World Lore Entry One

The Birth of a Patriot's Nation

Before Solara learned to kneel, it knew how to sing.

It was a land carved between mountains of amber and wheat-colored plains, a nation woven from poetry, old rivers, and hope. Its people once debated freely in open squares, their voices loud and clumsy, like children learning the world for the first time. The royal council listened. Laws changed with the needs of the common folk. Peace felt natural then, like air.

But peace disappears quietly.

And it did.

A foreign empire tried to conquer Solara. Solara survived, but the victory took everything soft from its heart. Leaders rose from bloodshed, not votes. War heroes became lawmakers. Soldiers became enforcers. Freedom became a slogan carved into iron instead of breath.

Now Solara praises liberty while strangling it.

Innocent people vanish into state-run prisons. Trials are held not to uncover truth but to demonstrate loyalty. Justice is a costume worn by judges whose verdicts are written long before the accused speak.

This is the second doomed world.

A world whose chains are patriotism and whose cages are shaped like flags.

Kwon Ji-yeon POV

Light tore open around me like a curtain pulled back. My body dropped through it gently, and a new sky rose above me. Red and gold stretched across the horizon like the colors had been bruised into the clouds.

A breath that was not mine slipped through my lungs like someone else's memory threaded into my bones.

And the system spoke.

IDENTITY ASSIGNMENT COMPLETE

Welcome to Floor Two: The Nation of Solara

Assigned Identity: Aria Valestra

Profession: Defense Lawyer

Sector: East Wing Judicial Region

A sharp pressure pulsed behind my eyes.

Then the memories came.

A desk cluttered with law books.

Ink-stained hands writing late into the night.

Judges who smiled politely while sentencing innocents.

Protests scattered by tear gas.

A girl kneeling beside a trembling witness.

A courtroom where truth suffocated beneath applause.

None of these memories belonged to me.

Yet they slid into place, familiar in a way that made my heart twist.

My breath returned slowly.

I stood in a massive stone plaza beneath towering ivory buildings. Flags snapped overhead in colors too vibrant to be comforting. Uniformed soldiers marched past us in perfect rhythm. Children saluted posters of government leaders. The air smelled like metal and discipline.

Another presence entered my awareness.

A girl stood across the plaza.

She was small, almost delicate in stature, but the aura around her pulsed with quiet sharpness. Her long chestnut hair glimmered in soft waves, but her expression did not match that gentleness.

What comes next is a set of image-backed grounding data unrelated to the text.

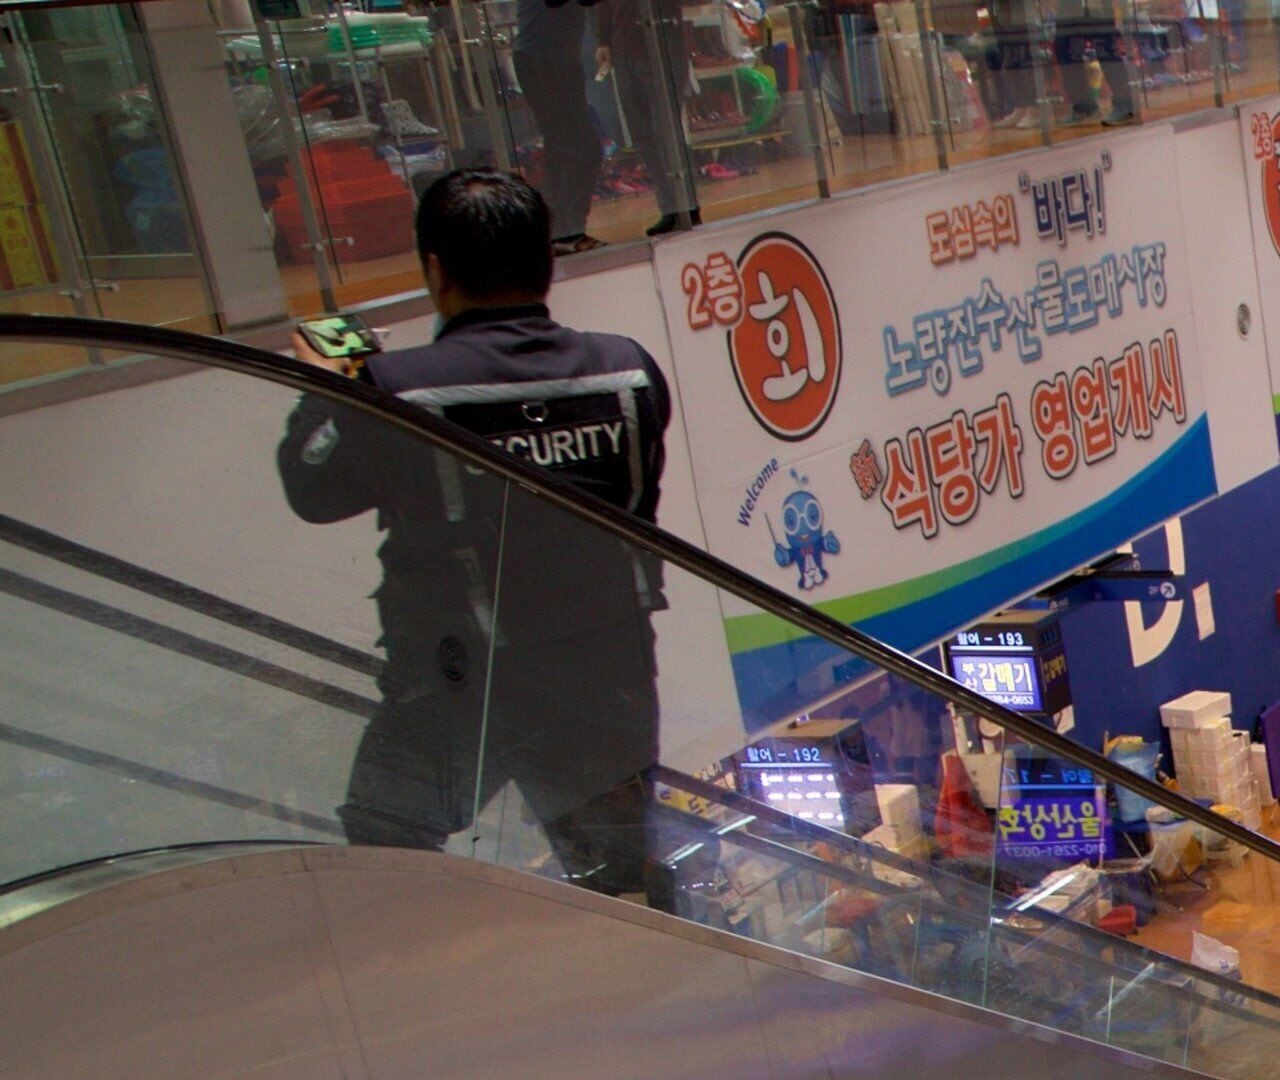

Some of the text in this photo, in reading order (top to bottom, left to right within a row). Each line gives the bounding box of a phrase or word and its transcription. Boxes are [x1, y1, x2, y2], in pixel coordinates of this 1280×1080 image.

[1251, 111, 1273, 160] 2층
[926, 195, 1019, 266] 도심속의
[682, 251, 744, 331] 2층
[882, 242, 1167, 398] 노량진수산물도매시장
[748, 272, 827, 403] 회
[882, 393, 1024, 539] 식당가
[1031, 328, 1188, 479] 영업개시
[737, 456, 781, 530] Welcome
[957, 632, 980, 646] 활어
[998, 632, 1024, 645] 193
[978, 662, 1033, 692] 갈매기
[793, 747, 821, 762] 192

Her eyes were cold. Focused. Red like winter berries frozen in ice.

Kim Ye-ri.

The girl who had watched me from another sector on the first floor. The girl others whispered about. The frost blood killer. The girl who stared like she was memorizing weaknesses. And strengths.

We had never spoken before.

But she recognized me instantly.

The system revealed her details.

PARTICIPANT IDENTIFIED: KIM YE-RI

Assigned Identity: Lia Seren

Profession: Junior Advocate

Assigned Partner: Aria Valestra

Her eyes skimmed the system text, then returned to me.

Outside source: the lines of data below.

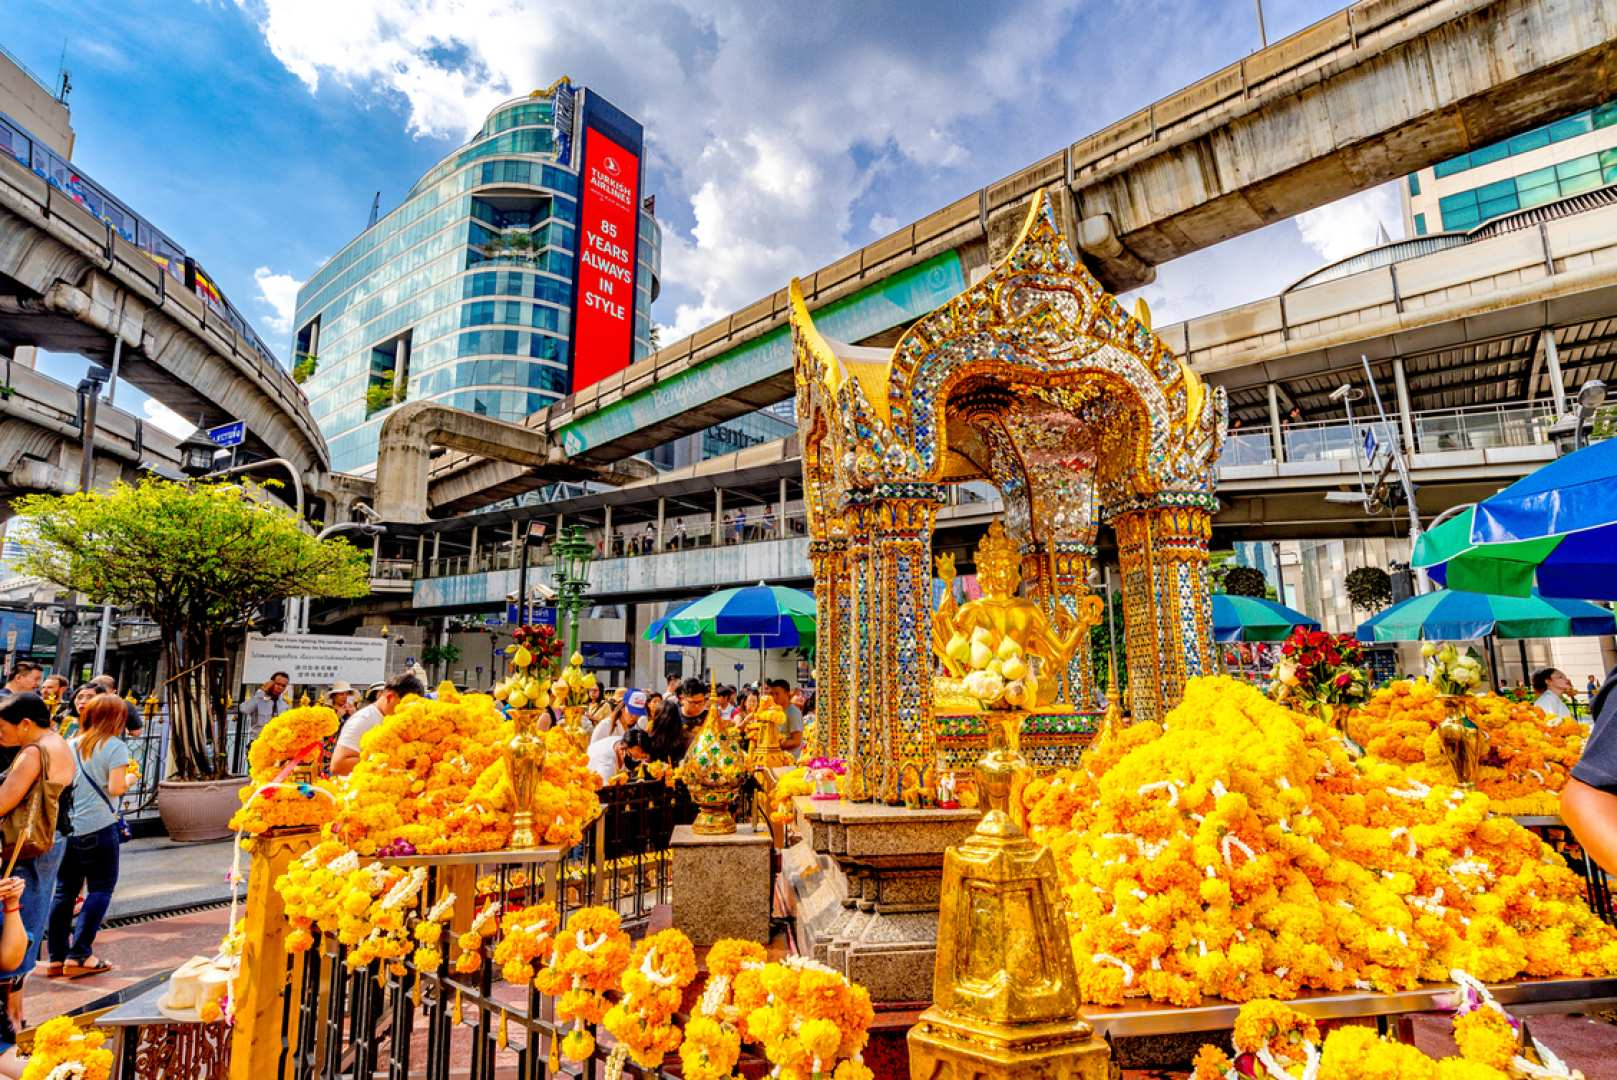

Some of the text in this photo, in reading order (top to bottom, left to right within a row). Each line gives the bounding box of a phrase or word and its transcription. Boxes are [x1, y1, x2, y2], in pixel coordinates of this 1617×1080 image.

[590, 177, 631, 205] AIRLINES
[591, 167, 631, 196] TURKISH
[601, 219, 617, 238] 85
[587, 230, 629, 264] YEARS
[581, 250, 631, 284] ALWAYS
[599, 277, 613, 295] IN
[585, 291, 625, 321] STYLE
[651, 374, 707, 407] Bangkok

"So we meet for real this time," she said. Her voice was cool, smooth, almost emotionless. "Aria. A lawyer."

"And you're Lia," I said. "A junior advocate."

She exhaled faintly, almost amused. "So the Tower expects us to work together."

Before she could say more, both of us froze as the system pulsed again—this time violently.

A sharp ache speared through my skull. Memory forced itself into my mind like a blade pushed slowly between ribs.

I saw Solara's future.

Bodies in the streets. Buildings burning while crowds chanted for freedom. A courthouse collapsing under explosion. A trial that ended in execution despite evidence. Children screaming for parents who never returned. A revolution drowned in its own blood.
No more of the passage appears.